Kenyan journalist Francis Nyaruri went missing on January 16, 2009 after writing a series of articles for The Weekly Citizen about corruption and malpractice by local police and civil servants. Thirteen days later, his bound and decapitated body was found near his hometown of Nyamira, northwest of the capital city of Nairobi. Twenty-two months after the murder, the outcome of his bereaved family and friends’ quest for justice appears uncertain.
Joseph Karanja is the principal magistrate in Kisumu, some 45 miles from where Nyaruri’s remains were found. In court on Thursday, he disqualified himself from the trial of two suspected killers. He told the audience that it was his last day hearing criminal cases and that he could not initiate a new case despite the presence of five witnesses in court. “They just seem to be playing games,” Nyaruri’s widow, Josephine Kwamboka, told me after the hearing.

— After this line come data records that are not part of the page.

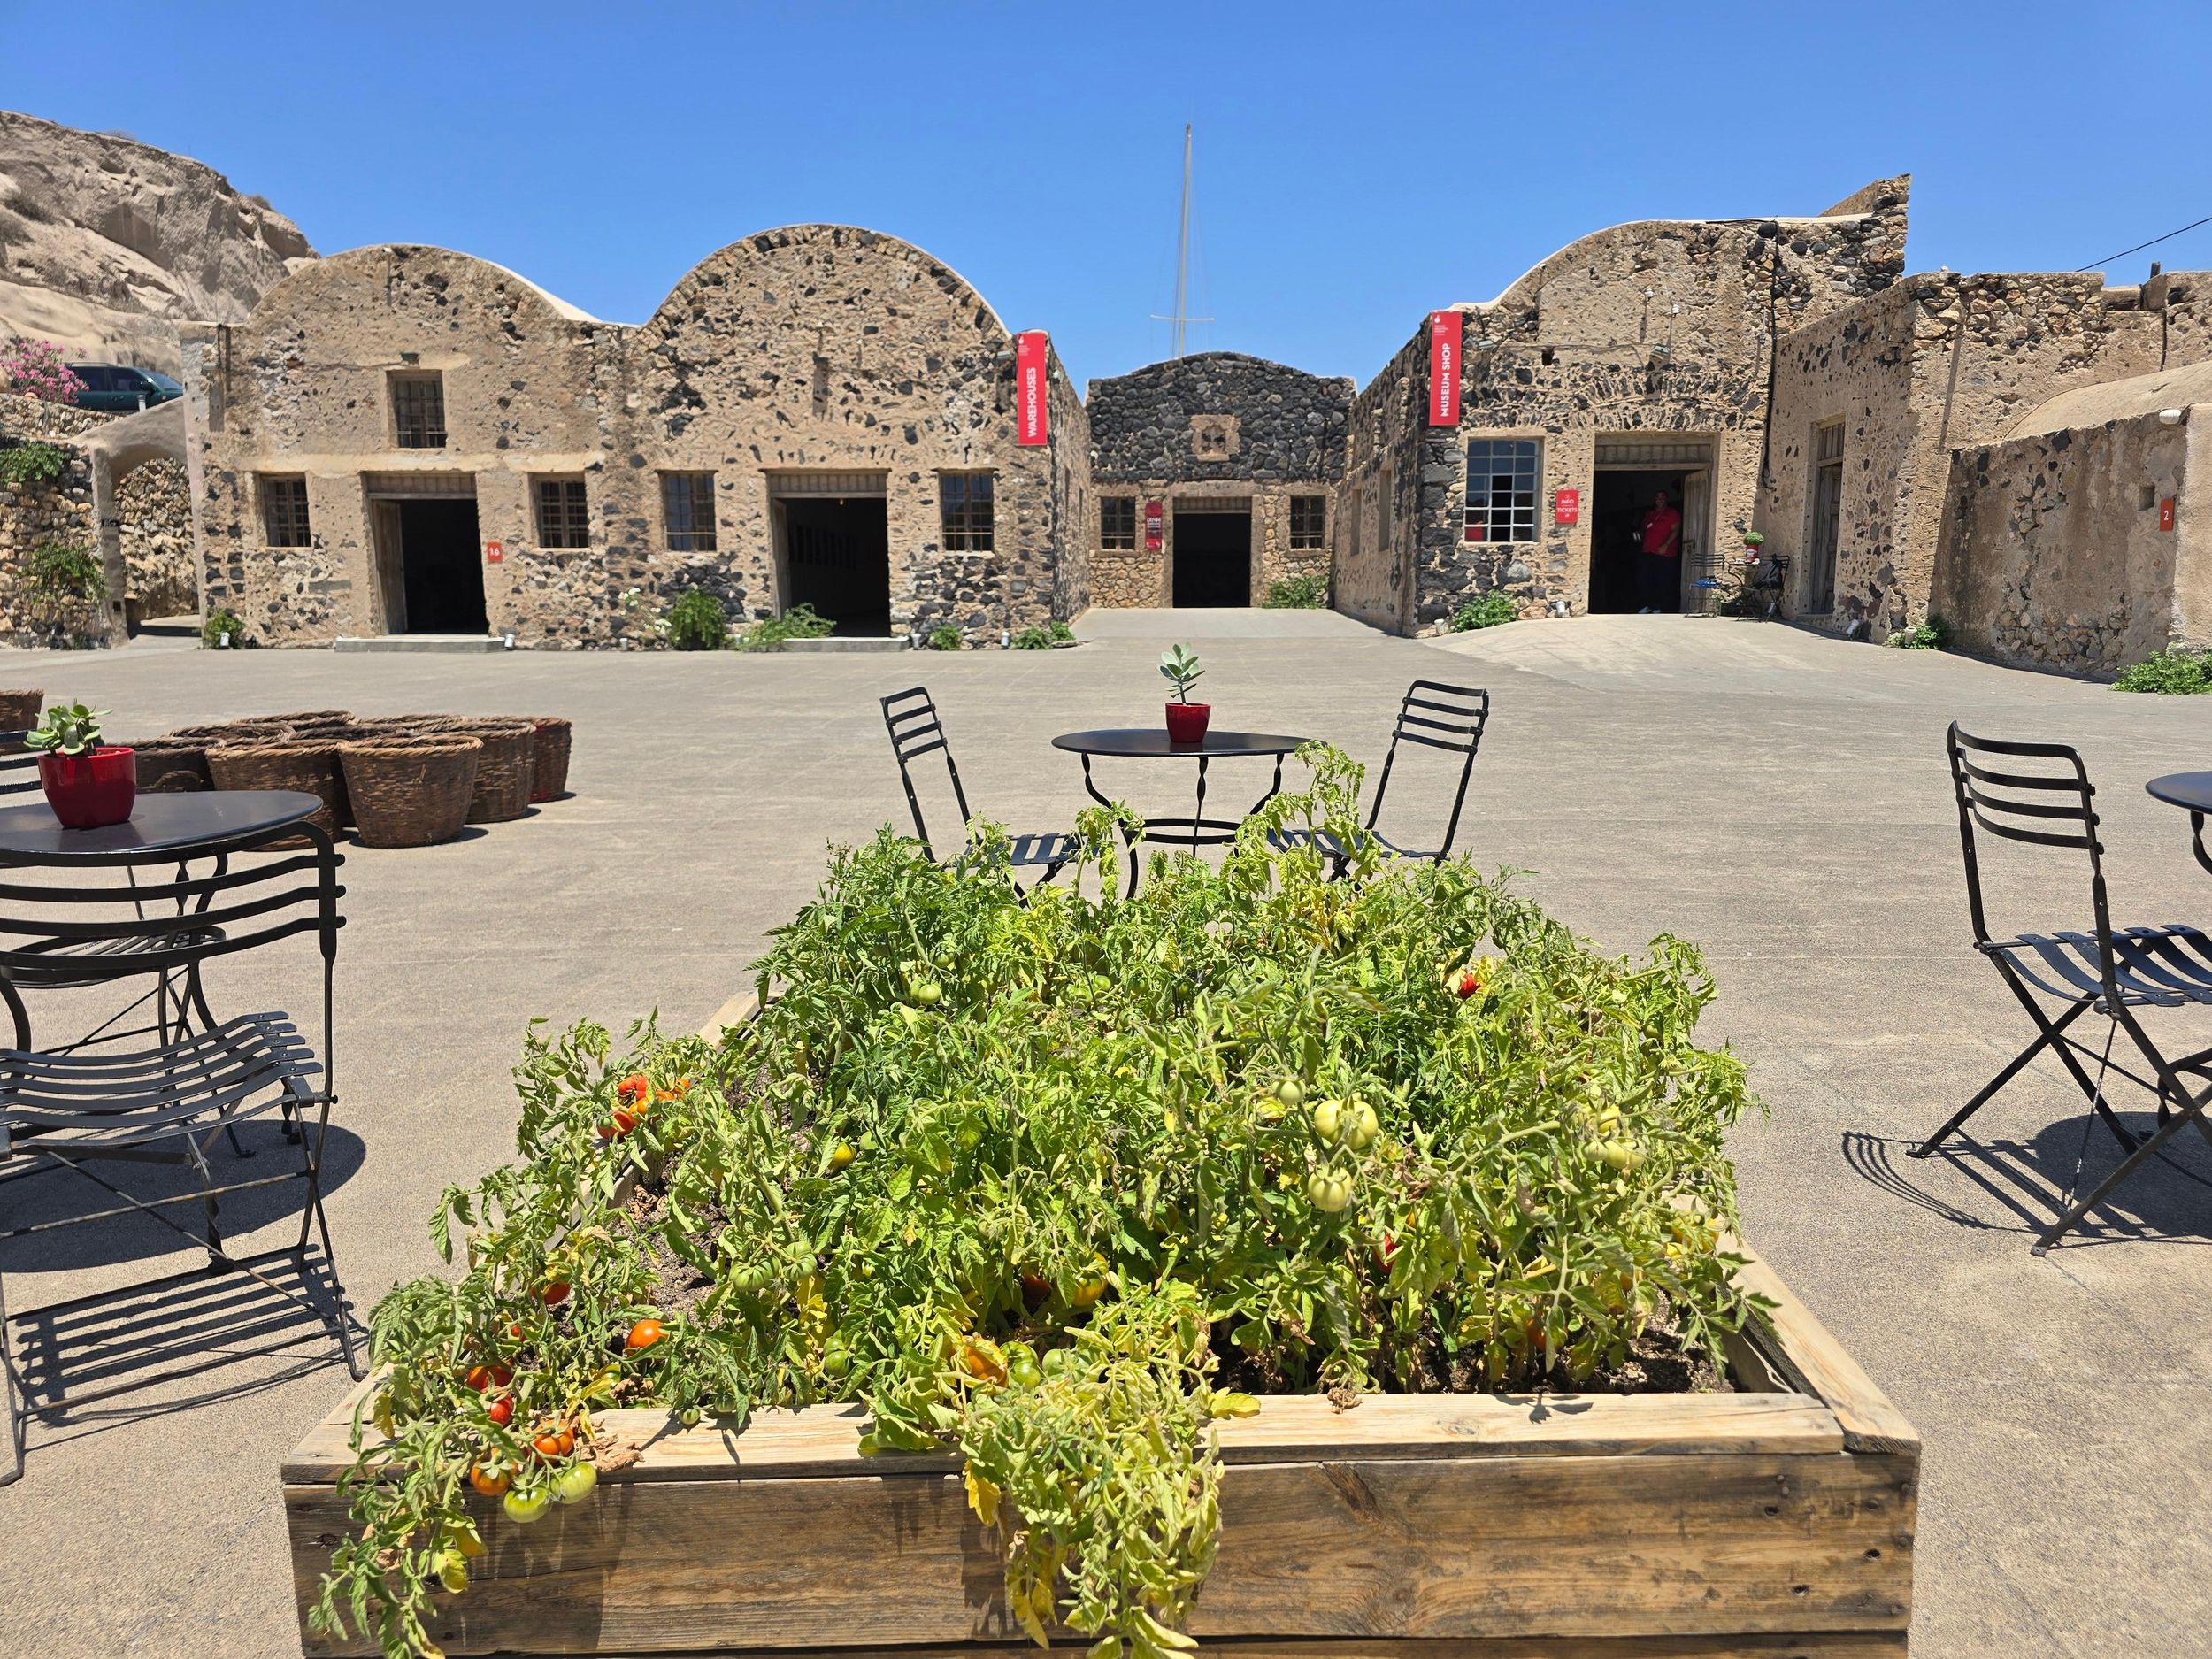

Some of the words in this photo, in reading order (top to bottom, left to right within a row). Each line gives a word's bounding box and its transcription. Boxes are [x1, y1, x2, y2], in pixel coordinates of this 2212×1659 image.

[1441, 342, 1451, 371] SHOP
[1026, 367, 1038, 438] WAREHOUSES
[1440, 373, 1451, 417] MUSEUM
[2163, 510, 2170, 521] 2
[489, 547, 500, 557] 16

A key police investigator into the murder, Robert Natwoli, had come to testify, but he left disappointed like Nyaruri’s widow. As the officer who arrested the suspects, Natwoli is a crucial witness, but he has not yet been provided an opportunity to address the court, he told me. Natwoli said he left the police force this year after facing a series of harassment and intimidations from fellow officers.
Nyaruri’s last article implicated top police officials in conspiring to defraud the public of millions of shillings through a police housing project. In 2006, Nyaruri’s newspaper, The Weekly Citizen, was raided by police who seized equipment and arrested several journalists, following stories critical of President Mwai Kibaki, according to CPJ research.